** Data under study follows **

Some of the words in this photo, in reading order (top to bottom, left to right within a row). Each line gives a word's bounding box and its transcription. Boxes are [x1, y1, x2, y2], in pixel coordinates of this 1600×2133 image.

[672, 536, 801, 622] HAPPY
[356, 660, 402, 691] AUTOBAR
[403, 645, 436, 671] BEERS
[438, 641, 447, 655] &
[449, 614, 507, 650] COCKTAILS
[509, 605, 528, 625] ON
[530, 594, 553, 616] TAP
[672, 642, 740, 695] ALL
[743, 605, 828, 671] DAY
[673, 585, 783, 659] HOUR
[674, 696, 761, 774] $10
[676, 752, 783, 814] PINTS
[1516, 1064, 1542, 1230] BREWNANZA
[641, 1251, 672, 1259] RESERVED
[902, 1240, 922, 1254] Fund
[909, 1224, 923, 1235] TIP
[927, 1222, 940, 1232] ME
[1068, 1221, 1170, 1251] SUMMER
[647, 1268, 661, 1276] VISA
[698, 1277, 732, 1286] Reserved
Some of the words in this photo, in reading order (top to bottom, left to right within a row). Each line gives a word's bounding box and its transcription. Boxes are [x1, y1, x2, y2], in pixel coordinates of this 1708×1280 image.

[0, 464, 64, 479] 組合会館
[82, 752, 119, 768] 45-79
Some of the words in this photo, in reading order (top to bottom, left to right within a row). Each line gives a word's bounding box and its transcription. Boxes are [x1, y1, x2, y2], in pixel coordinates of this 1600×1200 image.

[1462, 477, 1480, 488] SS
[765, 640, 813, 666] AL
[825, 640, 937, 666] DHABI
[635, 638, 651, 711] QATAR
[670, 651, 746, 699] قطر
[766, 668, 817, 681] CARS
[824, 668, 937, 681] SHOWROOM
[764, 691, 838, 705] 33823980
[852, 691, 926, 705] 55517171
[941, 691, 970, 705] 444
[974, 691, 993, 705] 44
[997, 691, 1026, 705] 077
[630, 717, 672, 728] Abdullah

** End of Data under study **

**Task objective**
The answer is the full set of records, printed exactly as given.

**Written answer**
Some of the words in this photo, in reading order (top to bottom, left to right within a row). Each line gives a word's bounding box and its transcription. Boxes are [x1, y1, x2, y2], in pixel coordinates of this 1600×2133 image.

[672, 536, 801, 622] HAPPY
[356, 660, 402, 691] AUTOBAR
[403, 645, 436, 671] BEERS
[438, 641, 447, 655] &
[449, 614, 507, 650] COCKTAILS
[509, 605, 528, 625] ON
[530, 594, 553, 616] TAP
[672, 642, 740, 695] ALL
[743, 605, 828, 671] DAY
[673, 585, 783, 659] HOUR
[674, 696, 761, 774] $10
[676, 752, 783, 814] PINTS
[1516, 1064, 1542, 1230] BREWNANZA
[641, 1251, 672, 1259] RESERVED
[902, 1240, 922, 1254] Fund
[909, 1224, 923, 1235] TIP
[927, 1222, 940, 1232] ME
[1068, 1221, 1170, 1251] SUMMER
[647, 1268, 661, 1276] VISA
[698, 1277, 732, 1286] Reserved
Some of the words in this photo, in reading order (top to bottom, left to right within a row). Each line gives a word's bounding box and its transcription. Boxes are [x1, y1, x2, y2], in pixel coordinates of this 1708×1280 image.

[0, 464, 64, 479] 組合会館
[82, 752, 119, 768] 45-79
Some of the words in this photo, in reading order (top to bottom, left to right within a row). Each line gives a word's bounding box and its transcription. Boxes are [x1, y1, x2, y2], in pixel coordinates of this 1600×1200 image.

[1462, 477, 1480, 488] SS
[765, 640, 813, 666] AL
[825, 640, 937, 666] DHABI
[635, 638, 651, 711] QATAR
[670, 651, 746, 699] قطر
[766, 668, 817, 681] CARS
[824, 668, 937, 681] SHOWROOM
[764, 691, 838, 705] 33823980
[852, 691, 926, 705] 55517171
[941, 691, 970, 705] 444
[974, 691, 993, 705] 44
[997, 691, 1026, 705] 077
[630, 717, 672, 728] Abdullah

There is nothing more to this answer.